Adds Hudi table version 9 (Hudi 1.x) support to the Hudi target, behind a new config and enabled by default, resolving #834.

A new target config xtable.hudi.target.table_version accepts 6 or 9 and defaults to 9. Version 6 keeps the legacy 0.x timeline layout and column-stats index V1; version 9 uses the Hudi 1.x timeline layout (V2) and column-stats index V2.

Target changes

  • HudiTargetConfig parses the new config from the target's additional properties.
  • HudiTableManager.initializeHudiTable initializes the table at the selected version; the write config derives its write version from the table itself (autoUpgrade=false).
  • Column stats for partitioned tables: enable the column-stats index for all tables and disable the partition-stats index independently via hoodie.metadata.index.partition.stats.enable. The partition-stats generation path groups committed files by fileId, which fails for XTable's externally-registered files (non-Hudi names, _hudiext marker) — see Hudi 1.2.0: enable MDT column-stats index for partitioned tables #832. Disabling it independently requires feat: Allow disabling the partition stats index independently of column stats hudi#19111.
  • Timeline archival: pick the archiver by layout version (TimelineArchivers.getInstance) so version 9 uses the V2/LSM archiver; the previous hardcoded TimelineArchiverV1 produced no archives on v9.

Source changes

  • HudiConversionSource selects and orders instants by completion time on version 9 (timeline layout V2) and by requested time on version 6. A commit that completes out of order relative to its requested time is no longer skipped during incremental sync.

Tests

  • TestHudiFileStatsExtractor is parameterized over versions 6 (8 columns, decimal excluded under index V1 per HUDI-8585) and 9 (9 columns, decimal present under V2).
  • TestHudiTargetConfig covers the config defaulting/validation.
  • A deterministic out-of-order-completion incremental-sync test on a v9 source table verifies the straggler commit is still picked up (it is dropped under requested-time selection).
  • Full suite green at v9: xtable-core unit (479) + all ITs (ITHudiConversionTarget, ITHudiConversionSource 27, ITConversionController 44, cross-format sources) + utilities/service/aws/hive-metastore.

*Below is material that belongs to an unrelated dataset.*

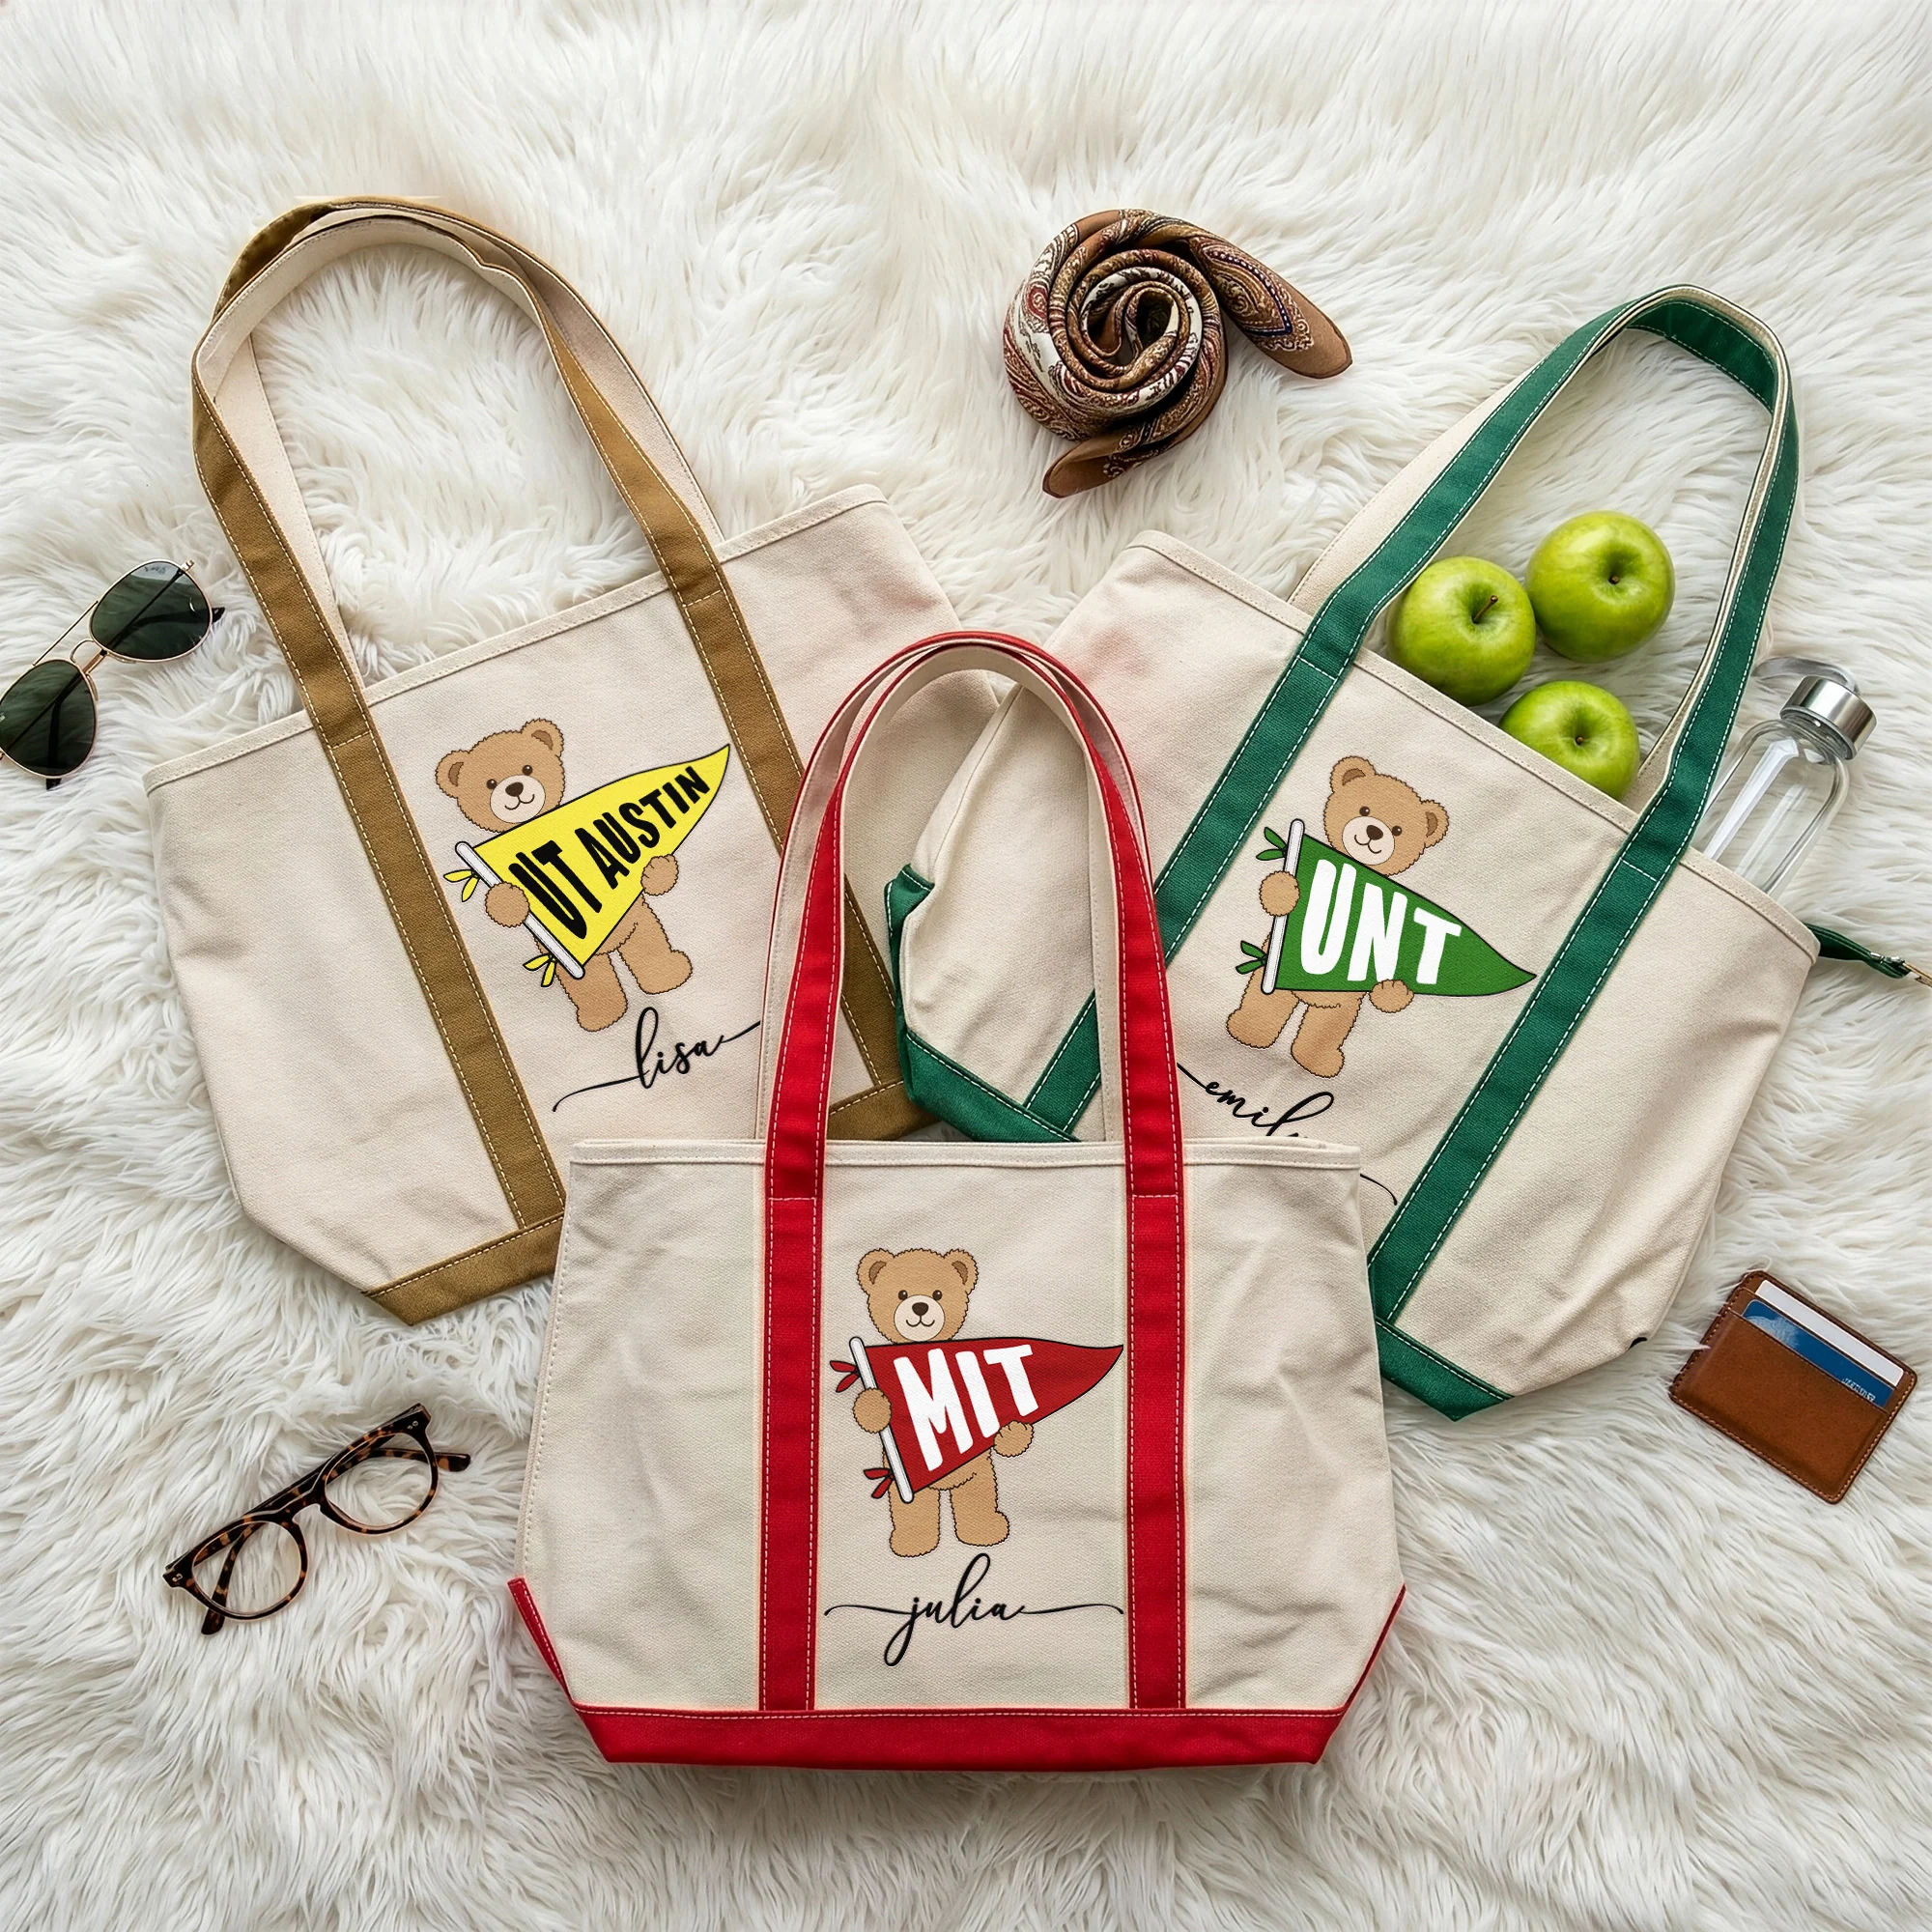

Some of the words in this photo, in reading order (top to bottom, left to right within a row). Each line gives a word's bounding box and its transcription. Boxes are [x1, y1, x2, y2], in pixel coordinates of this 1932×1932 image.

⚠️ Dependency note — draft

This bumps hudi.version to 1.3.0-SNAPSHOT to consume apache/hudi#19111 (hoodie.metadata.index.partition.stats.enable). CI will not pass until that PR is merged and a Hudi release containing it is published, at which point this should be re-pinned to the released version. Kept as a draft until then.

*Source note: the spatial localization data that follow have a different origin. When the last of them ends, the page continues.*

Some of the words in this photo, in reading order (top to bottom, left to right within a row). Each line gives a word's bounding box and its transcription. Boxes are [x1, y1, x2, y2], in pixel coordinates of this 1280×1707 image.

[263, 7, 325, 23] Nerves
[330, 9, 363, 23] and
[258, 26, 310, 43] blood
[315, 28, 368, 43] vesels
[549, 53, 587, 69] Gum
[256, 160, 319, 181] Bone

🤖 Generated with Claude Code

vinishjail97 and others added 4 commits June 29, 2026 21:07
Adds an `xtable.hudi.target.table_version` config (values 6 or 9, default 9)
so the Hudi target can write the Hudi 1.x table format (timeline layout V2,
column-stats index V2) instead of being pinned to version 6.

Target changes:
- HudiTargetConfig parses the new config from the target's additional
  properties; HudiTableManager.initializeHudiTable and the write config now
  honour the selected version (write version derives from the table itself).
- Enable the column-stats index for all tables and disable the partition-stats
  index independently (hoodie.metadata.index.partition.stats.enable, added in
  apache/hudi#19111) so column stats work for partitioned external-file tables.
- Select the timeline archiver by layout version (TimelineArchivers.getInstance)
  so version 9 uses the V2/LSM archiver; switch to the HoodieCleanStat builder.

Source changes:
- HudiConversionSource selects and orders instants by completion time on
  version 9 (timeline layout V2) and by requested time on version 6, so a
  commit that completes out of order relative to its requested time is no
  longer skipped during incremental sync.

Tests:
- Bump hudi.version to 1.3.0-SNAPSHOT to pick up apache/hudi#19111.
- Parameterize TestHudiFileStatsExtractor over versions 6 (8 columns, decimal
  excluded) and 9 (9 columns, decimal present).
- Add TestHudiTargetConfig and an out-of-order-completion incremental sync test
  on a version 9 source table.

Co-Authored-By: Claude Opus 4.8 (1M context) <noreply@anthropic.com>
Claude-Session: https://claude.ai/code/session_01WHcYnBcrWmcmrC1ac4g9B6
…arget

Column stats are now generated for partitioned Hudi targets (column-stats
index enabled, partition-stats index disabled independently), so drop the
`if (!partitioned)` guards that previously skipped the column-stats
assertions for partitioned tables. The partitioned/non-partitioned
parameterization is unchanged; the col-stats checks now run for both.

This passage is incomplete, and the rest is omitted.